»»
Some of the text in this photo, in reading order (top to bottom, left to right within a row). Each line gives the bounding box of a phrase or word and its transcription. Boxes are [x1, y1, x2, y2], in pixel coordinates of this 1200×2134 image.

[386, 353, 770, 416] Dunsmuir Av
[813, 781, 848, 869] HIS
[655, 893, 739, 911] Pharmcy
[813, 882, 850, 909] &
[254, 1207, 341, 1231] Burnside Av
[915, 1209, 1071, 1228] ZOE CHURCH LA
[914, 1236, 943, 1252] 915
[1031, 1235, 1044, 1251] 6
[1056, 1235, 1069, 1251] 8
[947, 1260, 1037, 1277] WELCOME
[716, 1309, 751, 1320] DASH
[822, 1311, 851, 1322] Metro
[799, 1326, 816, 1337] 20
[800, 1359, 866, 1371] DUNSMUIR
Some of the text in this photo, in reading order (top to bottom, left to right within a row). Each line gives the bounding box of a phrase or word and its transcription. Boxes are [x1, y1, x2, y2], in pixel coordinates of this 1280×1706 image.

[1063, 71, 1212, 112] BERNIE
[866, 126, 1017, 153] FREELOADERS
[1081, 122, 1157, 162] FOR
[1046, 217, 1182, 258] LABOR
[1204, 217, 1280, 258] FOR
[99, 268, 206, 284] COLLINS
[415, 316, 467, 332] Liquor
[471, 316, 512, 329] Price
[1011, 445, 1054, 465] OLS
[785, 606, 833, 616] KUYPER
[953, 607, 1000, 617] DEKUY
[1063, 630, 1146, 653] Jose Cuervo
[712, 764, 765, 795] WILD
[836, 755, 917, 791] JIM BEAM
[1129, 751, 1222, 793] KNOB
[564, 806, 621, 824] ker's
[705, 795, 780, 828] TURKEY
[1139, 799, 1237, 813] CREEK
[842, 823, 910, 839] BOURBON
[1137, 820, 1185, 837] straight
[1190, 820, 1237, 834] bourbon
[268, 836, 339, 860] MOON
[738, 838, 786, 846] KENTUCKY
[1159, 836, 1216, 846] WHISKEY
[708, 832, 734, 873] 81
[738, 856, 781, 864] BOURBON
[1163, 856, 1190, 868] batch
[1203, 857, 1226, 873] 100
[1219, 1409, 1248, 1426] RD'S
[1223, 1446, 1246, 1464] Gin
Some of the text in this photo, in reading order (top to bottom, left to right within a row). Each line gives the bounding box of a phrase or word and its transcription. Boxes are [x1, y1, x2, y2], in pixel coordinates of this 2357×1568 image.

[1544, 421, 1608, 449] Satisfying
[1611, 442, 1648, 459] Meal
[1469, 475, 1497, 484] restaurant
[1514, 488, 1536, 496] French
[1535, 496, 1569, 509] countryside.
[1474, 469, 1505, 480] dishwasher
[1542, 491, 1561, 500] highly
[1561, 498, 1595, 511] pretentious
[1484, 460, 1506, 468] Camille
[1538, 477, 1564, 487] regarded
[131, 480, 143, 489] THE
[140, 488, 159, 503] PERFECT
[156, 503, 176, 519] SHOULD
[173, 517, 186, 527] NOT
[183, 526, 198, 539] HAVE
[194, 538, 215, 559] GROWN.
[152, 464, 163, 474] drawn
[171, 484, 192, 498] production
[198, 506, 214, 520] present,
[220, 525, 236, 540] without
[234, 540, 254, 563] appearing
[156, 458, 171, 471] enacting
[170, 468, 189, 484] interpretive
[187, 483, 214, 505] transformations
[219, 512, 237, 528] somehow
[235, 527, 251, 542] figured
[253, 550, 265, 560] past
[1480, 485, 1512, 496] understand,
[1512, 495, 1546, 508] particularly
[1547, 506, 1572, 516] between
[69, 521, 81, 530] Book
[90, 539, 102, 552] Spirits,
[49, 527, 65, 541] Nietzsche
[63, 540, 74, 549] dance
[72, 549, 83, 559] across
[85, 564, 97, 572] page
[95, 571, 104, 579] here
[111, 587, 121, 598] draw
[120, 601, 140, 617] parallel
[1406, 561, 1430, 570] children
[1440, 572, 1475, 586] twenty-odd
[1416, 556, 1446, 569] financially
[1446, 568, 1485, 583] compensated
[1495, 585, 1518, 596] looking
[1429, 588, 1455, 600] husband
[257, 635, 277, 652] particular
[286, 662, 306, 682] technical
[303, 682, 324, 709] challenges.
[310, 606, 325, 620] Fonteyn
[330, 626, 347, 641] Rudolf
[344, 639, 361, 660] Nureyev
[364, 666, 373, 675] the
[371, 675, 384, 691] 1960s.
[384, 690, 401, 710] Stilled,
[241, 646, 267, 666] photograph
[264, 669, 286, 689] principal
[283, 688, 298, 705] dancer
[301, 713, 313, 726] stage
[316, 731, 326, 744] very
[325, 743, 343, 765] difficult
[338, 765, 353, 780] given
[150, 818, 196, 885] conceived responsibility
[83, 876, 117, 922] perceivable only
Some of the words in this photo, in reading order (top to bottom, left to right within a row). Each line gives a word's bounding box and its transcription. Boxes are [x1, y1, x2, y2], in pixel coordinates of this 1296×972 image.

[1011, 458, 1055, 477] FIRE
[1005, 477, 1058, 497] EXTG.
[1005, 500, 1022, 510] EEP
««
*TASK DIRECTIONS*: Output every line from the records, exactly as written.

*RESPONSE BELOW*:
Some of the text in this photo, in reading order (top to bottom, left to right within a row). Each line gives the bounding box of a phrase or word and its transcription. Boxes are [x1, y1, x2, y2], in pixel coordinates of this 1200×2134 image.

[386, 353, 770, 416] Dunsmuir Av
[813, 781, 848, 869] HIS
[655, 893, 739, 911] Pharmcy
[813, 882, 850, 909] &
[254, 1207, 341, 1231] Burnside Av
[915, 1209, 1071, 1228] ZOE CHURCH LA
[914, 1236, 943, 1252] 915
[1031, 1235, 1044, 1251] 6
[1056, 1235, 1069, 1251] 8
[947, 1260, 1037, 1277] WELCOME
[716, 1309, 751, 1320] DASH
[822, 1311, 851, 1322] Metro
[799, 1326, 816, 1337] 20
[800, 1359, 866, 1371] DUNSMUIR
Some of the text in this photo, in reading order (top to bottom, left to right within a row). Each line gives the bounding box of a phrase or word and its transcription. Boxes are [x1, y1, x2, y2], in pixel coordinates of this 1280×1706 image.

[1063, 71, 1212, 112] BERNIE
[866, 126, 1017, 153] FREELOADERS
[1081, 122, 1157, 162] FOR
[1046, 217, 1182, 258] LABOR
[1204, 217, 1280, 258] FOR
[99, 268, 206, 284] COLLINS
[415, 316, 467, 332] Liquor
[471, 316, 512, 329] Price
[1011, 445, 1054, 465] OLS
[785, 606, 833, 616] KUYPER
[953, 607, 1000, 617] DEKUY
[1063, 630, 1146, 653] Jose Cuervo
[712, 764, 765, 795] WILD
[836, 755, 917, 791] JIM BEAM
[1129, 751, 1222, 793] KNOB
[564, 806, 621, 824] ker's
[705, 795, 780, 828] TURKEY
[1139, 799, 1237, 813] CREEK
[842, 823, 910, 839] BOURBON
[1137, 820, 1185, 837] straight
[1190, 820, 1237, 834] bourbon
[268, 836, 339, 860] MOON
[738, 838, 786, 846] KENTUCKY
[1159, 836, 1216, 846] WHISKEY
[708, 832, 734, 873] 81
[738, 856, 781, 864] BOURBON
[1163, 856, 1190, 868] batch
[1203, 857, 1226, 873] 100
[1219, 1409, 1248, 1426] RD'S
[1223, 1446, 1246, 1464] Gin
Some of the text in this photo, in reading order (top to bottom, left to right within a row). Each line gives the bounding box of a phrase or word and its transcription. Boxes are [x1, y1, x2, y2], in pixel coordinates of this 2357×1568 image.

[1544, 421, 1608, 449] Satisfying
[1611, 442, 1648, 459] Meal
[1469, 475, 1497, 484] restaurant
[1514, 488, 1536, 496] French
[1535, 496, 1569, 509] countryside.
[1474, 469, 1505, 480] dishwasher
[1542, 491, 1561, 500] highly
[1561, 498, 1595, 511] pretentious
[1484, 460, 1506, 468] Camille
[1538, 477, 1564, 487] regarded
[131, 480, 143, 489] THE
[140, 488, 159, 503] PERFECT
[156, 503, 176, 519] SHOULD
[173, 517, 186, 527] NOT
[183, 526, 198, 539] HAVE
[194, 538, 215, 559] GROWN.
[152, 464, 163, 474] drawn
[171, 484, 192, 498] production
[198, 506, 214, 520] present,
[220, 525, 236, 540] without
[234, 540, 254, 563] appearing
[156, 458, 171, 471] enacting
[170, 468, 189, 484] interpretive
[187, 483, 214, 505] transformations
[219, 512, 237, 528] somehow
[235, 527, 251, 542] figured
[253, 550, 265, 560] past
[1480, 485, 1512, 496] understand,
[1512, 495, 1546, 508] particularly
[1547, 506, 1572, 516] between
[69, 521, 81, 530] Book
[90, 539, 102, 552] Spirits,
[49, 527, 65, 541] Nietzsche
[63, 540, 74, 549] dance
[72, 549, 83, 559] across
[85, 564, 97, 572] page
[95, 571, 104, 579] here
[111, 587, 121, 598] draw
[120, 601, 140, 617] parallel
[1406, 561, 1430, 570] children
[1440, 572, 1475, 586] twenty-odd
[1416, 556, 1446, 569] financially
[1446, 568, 1485, 583] compensated
[1495, 585, 1518, 596] looking
[1429, 588, 1455, 600] husband
[257, 635, 277, 652] particular
[286, 662, 306, 682] technical
[303, 682, 324, 709] challenges.
[310, 606, 325, 620] Fonteyn
[330, 626, 347, 641] Rudolf
[344, 639, 361, 660] Nureyev
[364, 666, 373, 675] the
[371, 675, 384, 691] 1960s.
[384, 690, 401, 710] Stilled,
[241, 646, 267, 666] photograph
[264, 669, 286, 689] principal
[283, 688, 298, 705] dancer
[301, 713, 313, 726] stage
[316, 731, 326, 744] very
[325, 743, 343, 765] difficult
[338, 765, 353, 780] given
[150, 818, 196, 885] conceived responsibility
[83, 876, 117, 922] perceivable only
Some of the words in this photo, in reading order (top to bottom, left to right within a row). Each line gives a word's bounding box and its transcription. Boxes are [x1, y1, x2, y2], in pixel coordinates of this 1296×972 image.

[1011, 458, 1055, 477] FIRE
[1005, 477, 1058, 497] EXTG.
[1005, 500, 1022, 510] EEP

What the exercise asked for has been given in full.